The draft Water Purchase Agreement was made public on Sept. 27 after nearly a year of negotiations between Water Authority staff and Poseidon. The desalination plant, which would produce 50 million gallons of fresh drinking water a day at a facility next to the Encina Power Station, has all permits necessary for construction. It would produce water by 2016 if the Water Authority board approves the deal.
The Water Purchase Agreement sets terms for securing this new, drought-proof water supply while protecting Water Authority ratepayers by assigning appropriate development and operations risks to Poseidon. The Water Authority has the option – but not the obligation — to purchase the plant for $1 after 30 years. In addition, the agency has the option – but not the obligation — to buy the plant after 10 years.
The plant would provide 48,000 to 56,000 acre-feet of desalinated seawater annually, and by 2020 it would account for an estimated 7 percent of the total regional supply or about one-third of all water generated in San Diego County. It would be the largest desalination plant in the Western Hemisphere.

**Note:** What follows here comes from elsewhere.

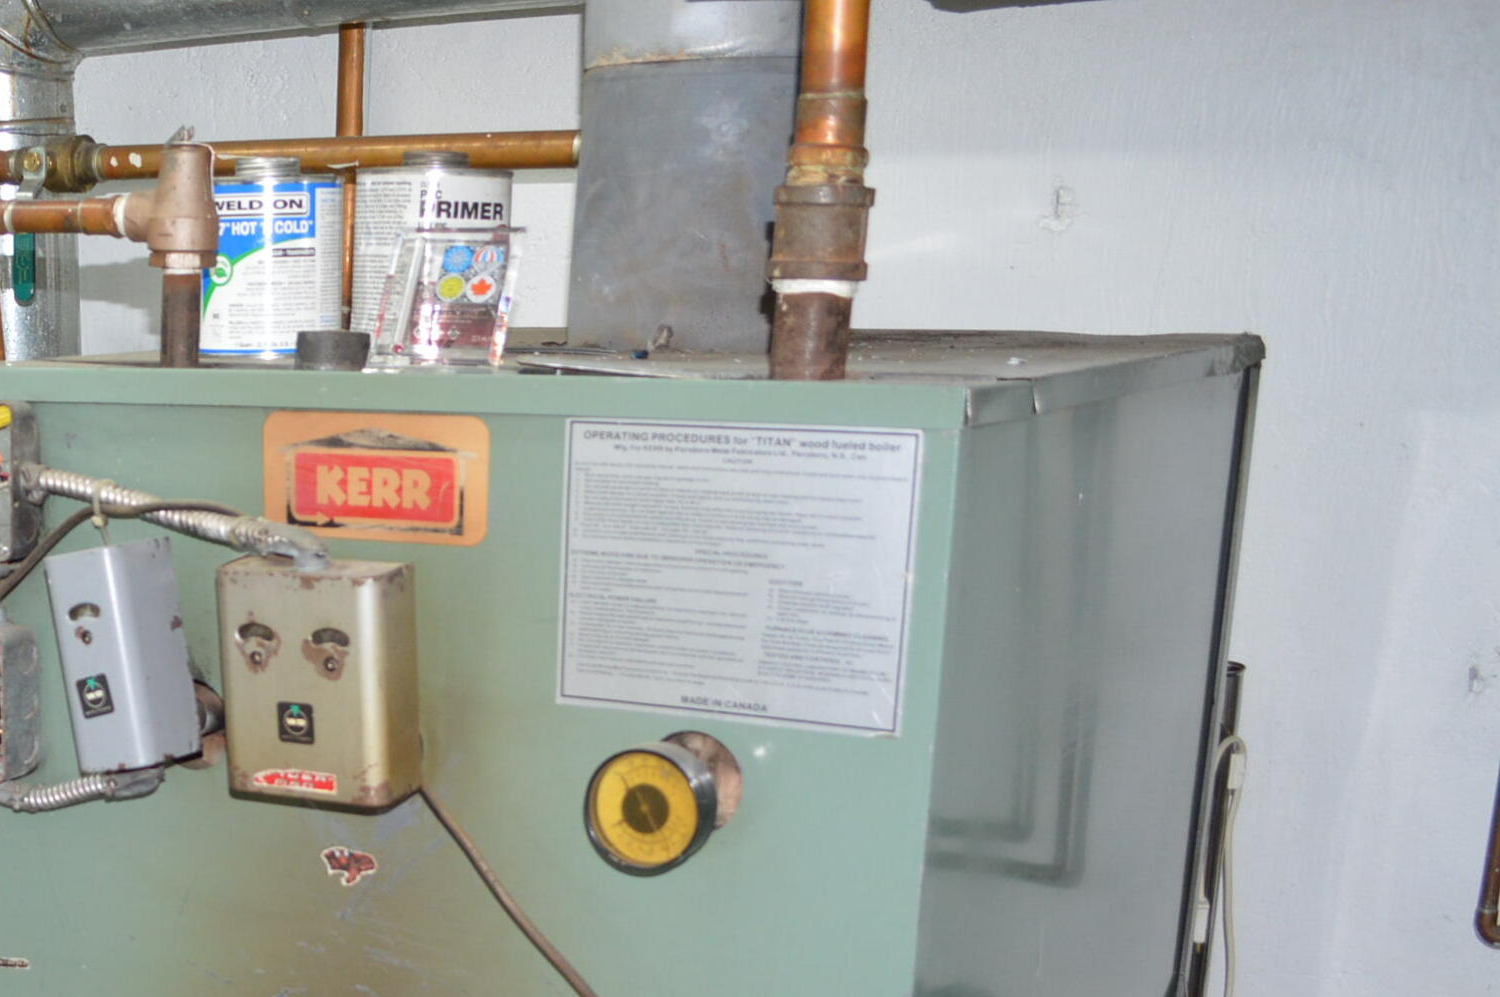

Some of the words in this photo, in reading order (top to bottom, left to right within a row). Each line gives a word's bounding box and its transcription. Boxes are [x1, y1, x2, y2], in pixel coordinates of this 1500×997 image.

While desalinated water would initially cost more than current imported supplies, it would also be more reliable than supplies from the Metropolitan Water District of Southern California. Desalinated seawater would be a local, drought-proof source to help protect the region’s $186 billion economy and 3.1 million residents from water shortages.
The project, including contract terms and costs, has been discussed at public meetings more than 30 times since July 2010; the Nov. 29 board meeting will be the eighth public meeting since the Water Purchase Agreement was released Sept. 27. Under the draft agreement, the total price for the desalinated water – including related upgrades to the Water Authority’s pipelines and treatment plant – is estimated at $2,041 to $2,290 per acre-foot in 2012 dollars, depending on how much is purchased annually. An acre-foot is approximately 325,900 gallons, or enough to supply two typical single-family households of four for a year.